[Work instructions]
Without pictures, retype the following entries exactly.

[Saved data entries]

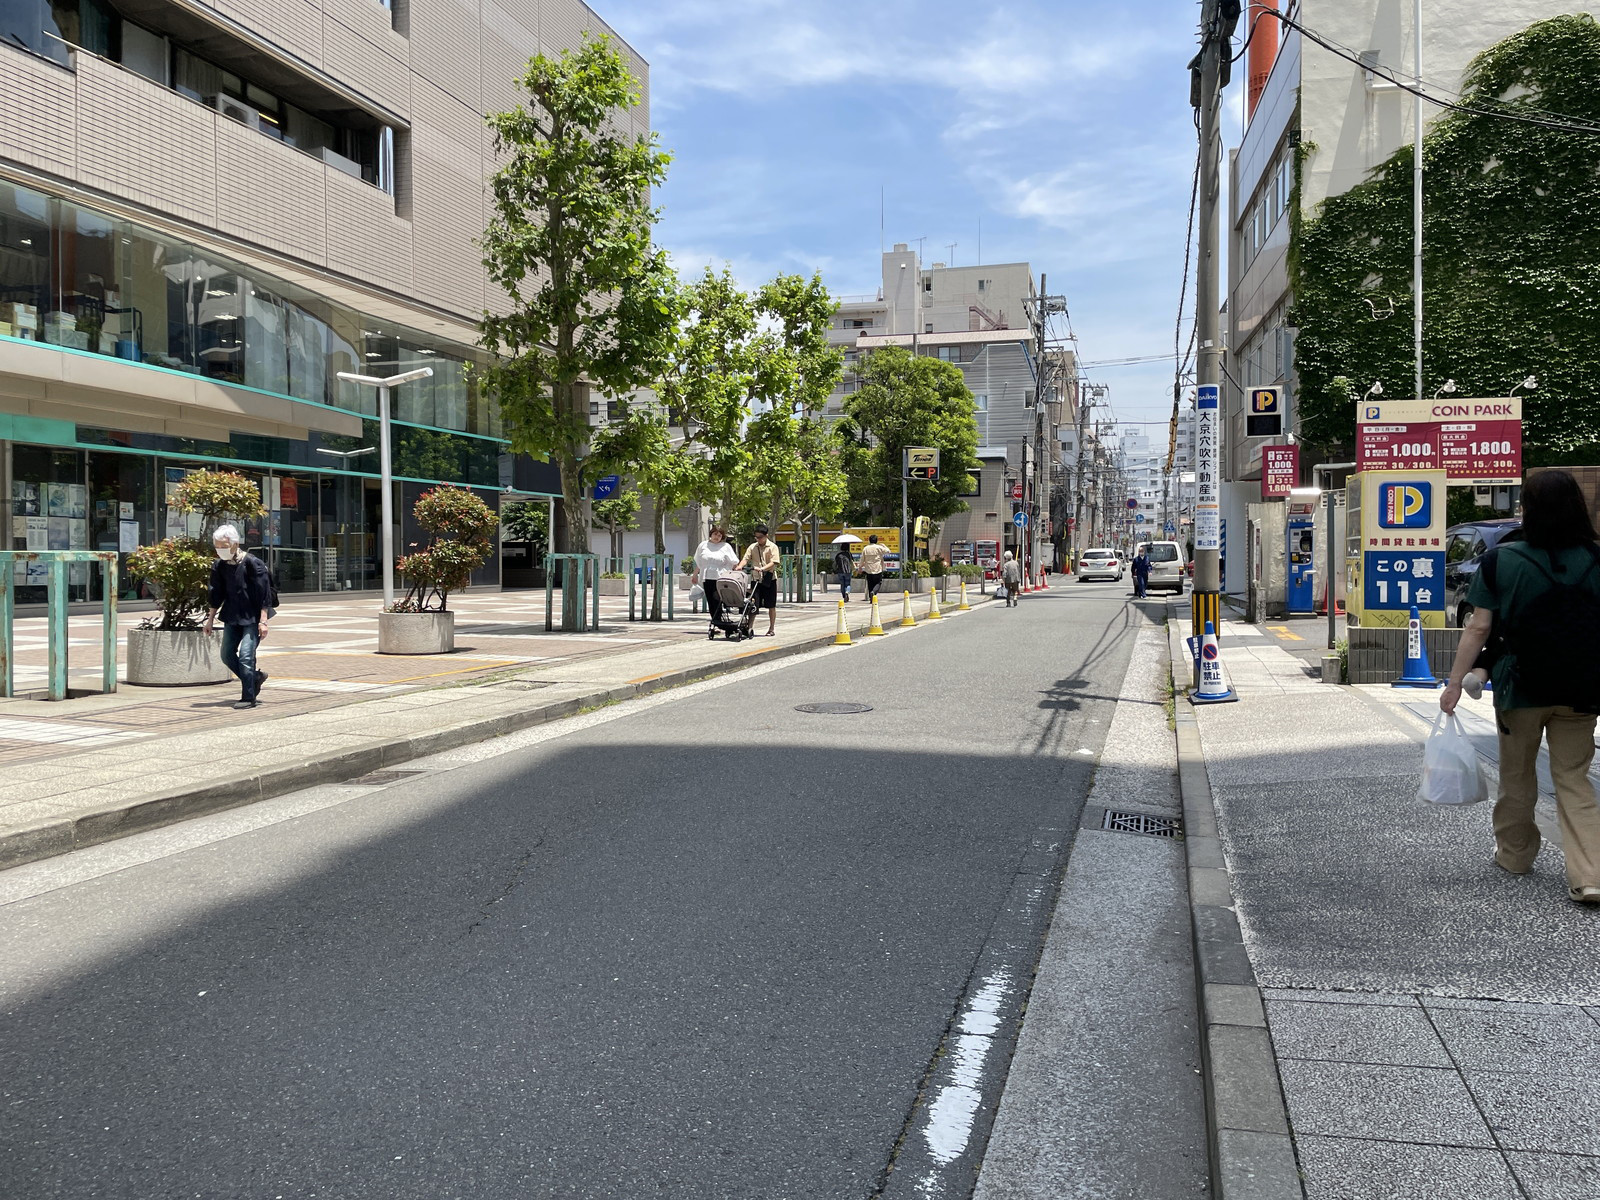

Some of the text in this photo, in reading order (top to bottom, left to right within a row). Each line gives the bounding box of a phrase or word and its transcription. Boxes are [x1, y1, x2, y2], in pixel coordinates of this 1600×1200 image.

[1432, 405, 1469, 416] COIN
[1474, 404, 1513, 416] PARK
[1199, 412, 1210, 494] 大京穴吹不動産
[928, 468, 936, 478] P
[1370, 538, 1440, 546] 時間貸駐車場
[1377, 558, 1434, 578] この裏
[1376, 581, 1432, 603] 11台
[1203, 662, 1220, 670] 駐車
[1204, 672, 1221, 680] 禁止
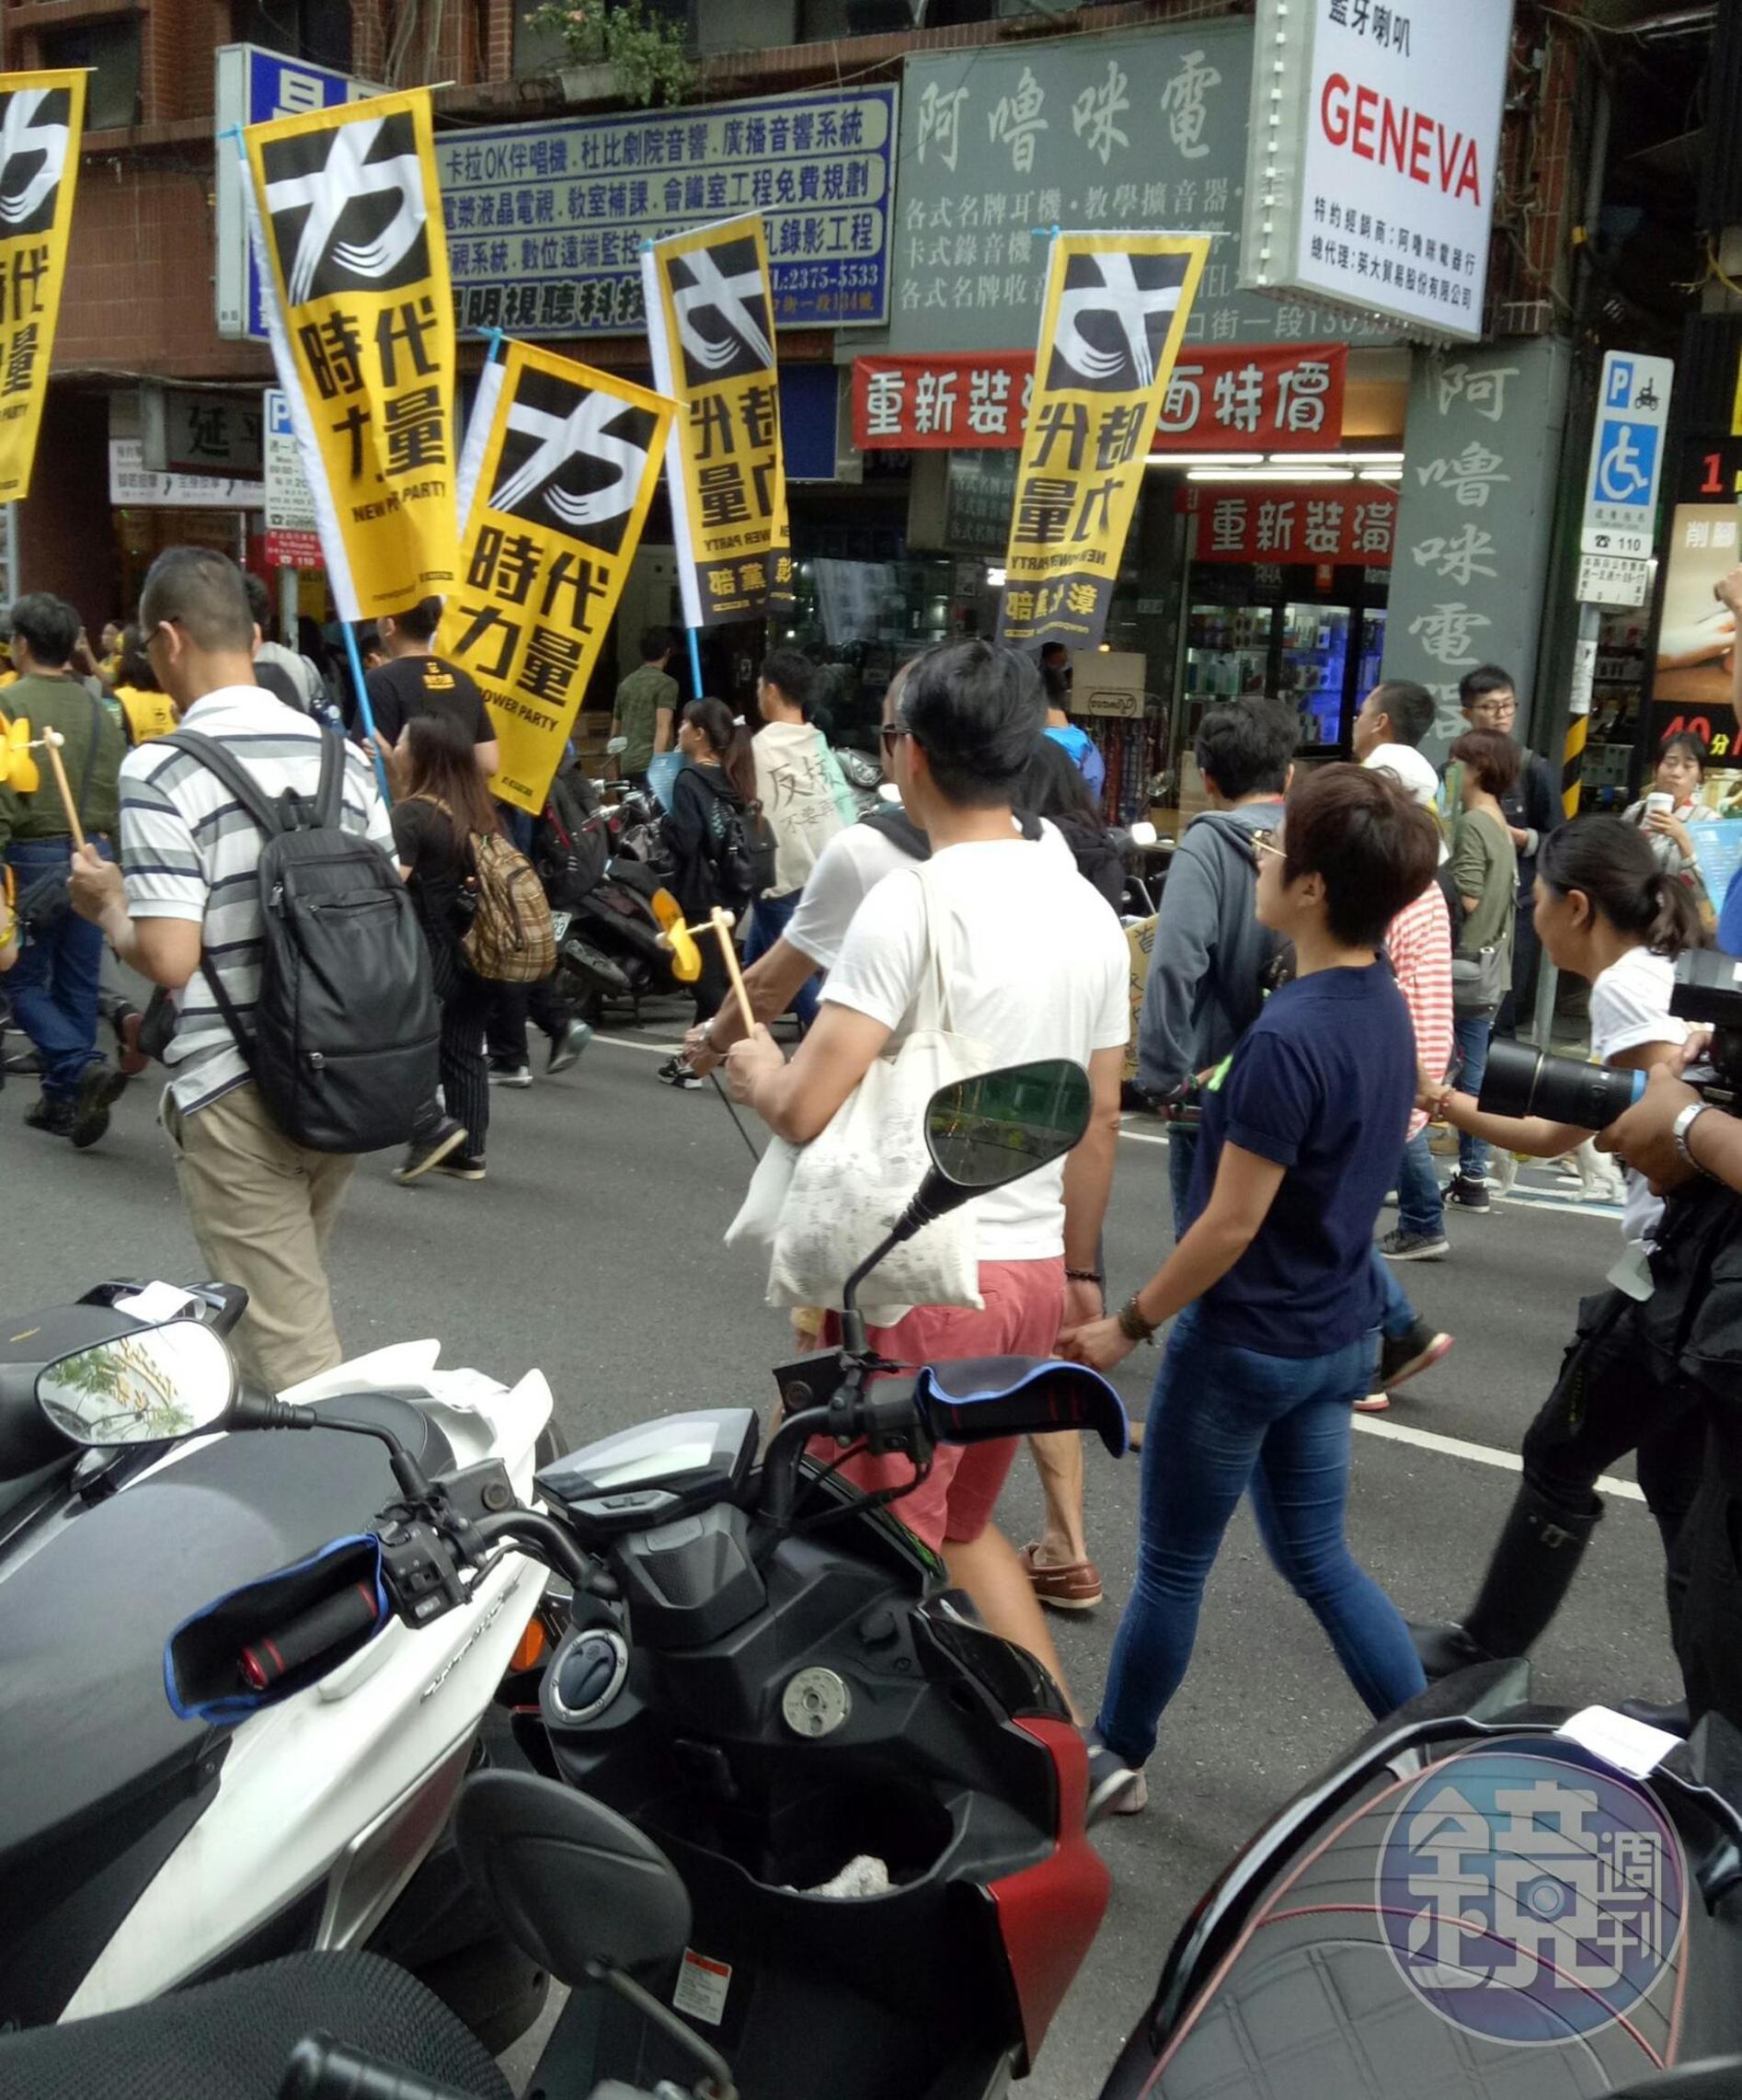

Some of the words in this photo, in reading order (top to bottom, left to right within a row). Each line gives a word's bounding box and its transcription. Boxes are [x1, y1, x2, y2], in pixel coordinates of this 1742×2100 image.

[1321, 73, 1481, 207] GENEVA
[452, 278, 645, 327] 明視聽科技
[770, 263, 879, 292] L:2375-5533
[298, 296, 440, 399] 時代
[1211, 499, 1394, 554] 重新裝潢
[1619, 537, 1641, 552] 110
[466, 524, 610, 635] 時代
[451, 604, 584, 707] 力量
[518, 705, 559, 732] PARTY
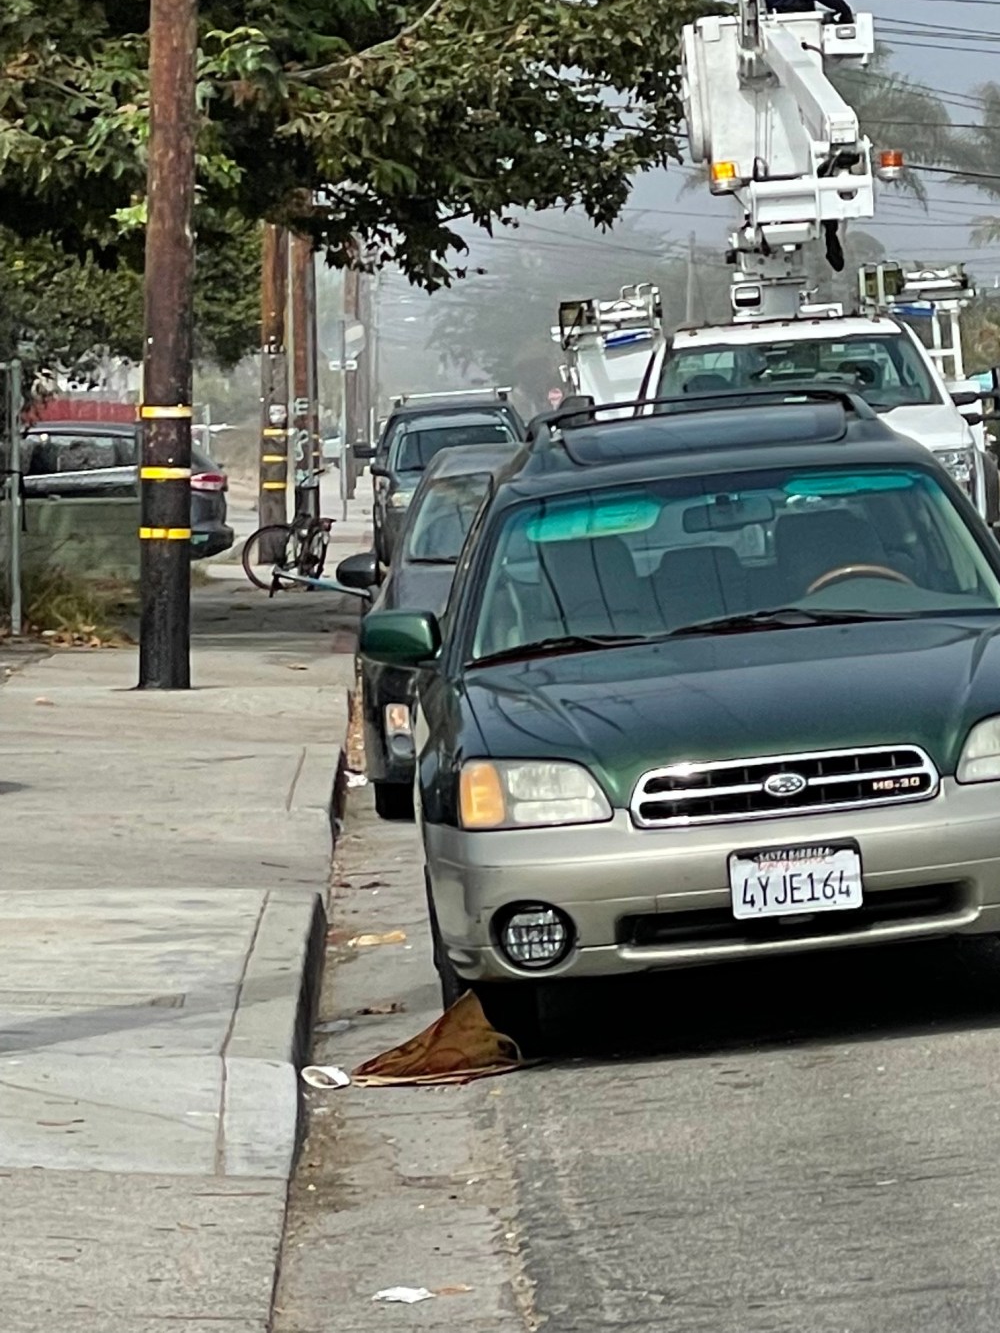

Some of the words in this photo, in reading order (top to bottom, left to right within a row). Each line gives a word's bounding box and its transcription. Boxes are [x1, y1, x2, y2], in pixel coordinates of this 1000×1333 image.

[Exercise answer]
Some of the text in this photo, in reading order (top to bottom, left to right within a row). Each line gives the bounding box of a phrase or word and its transcription. Boxes are [x1, y1, x2, y2], in pixel coordinates of this 1600×1200 image.

[1432, 405, 1469, 416] COIN
[1474, 404, 1513, 416] PARK
[1199, 412, 1210, 494] 大京穴吹不動産
[928, 468, 936, 478] P
[1370, 538, 1440, 546] 時間貸駐車場
[1377, 558, 1434, 578] この裏
[1376, 581, 1432, 603] 11台
[1203, 662, 1220, 670] 駐車
[1204, 672, 1221, 680] 禁止

Some of the words in this photo, in reading order (top to bottom, left to right within a row). Each line gives a word's bounding box and its transcription. Boxes are [x1, y1, x2, y2], in pixel coordinates of this 1742×2100 image.

[1321, 73, 1481, 207] GENEVA
[452, 278, 645, 327] 明視聽科技
[770, 263, 879, 292] L:2375-5533
[298, 296, 440, 399] 時代
[1211, 499, 1394, 554] 重新裝潢
[1619, 537, 1641, 552] 110
[466, 524, 610, 635] 時代
[451, 604, 584, 707] 力量
[518, 705, 559, 732] PARTY

Some of the words in this photo, in reading order (top to bottom, left to right within a row). Each line gives a word's bounding box and its transcription. Boxes are [x1, y1, x2, y2], in pixel coordinates of this 1000×1333 image.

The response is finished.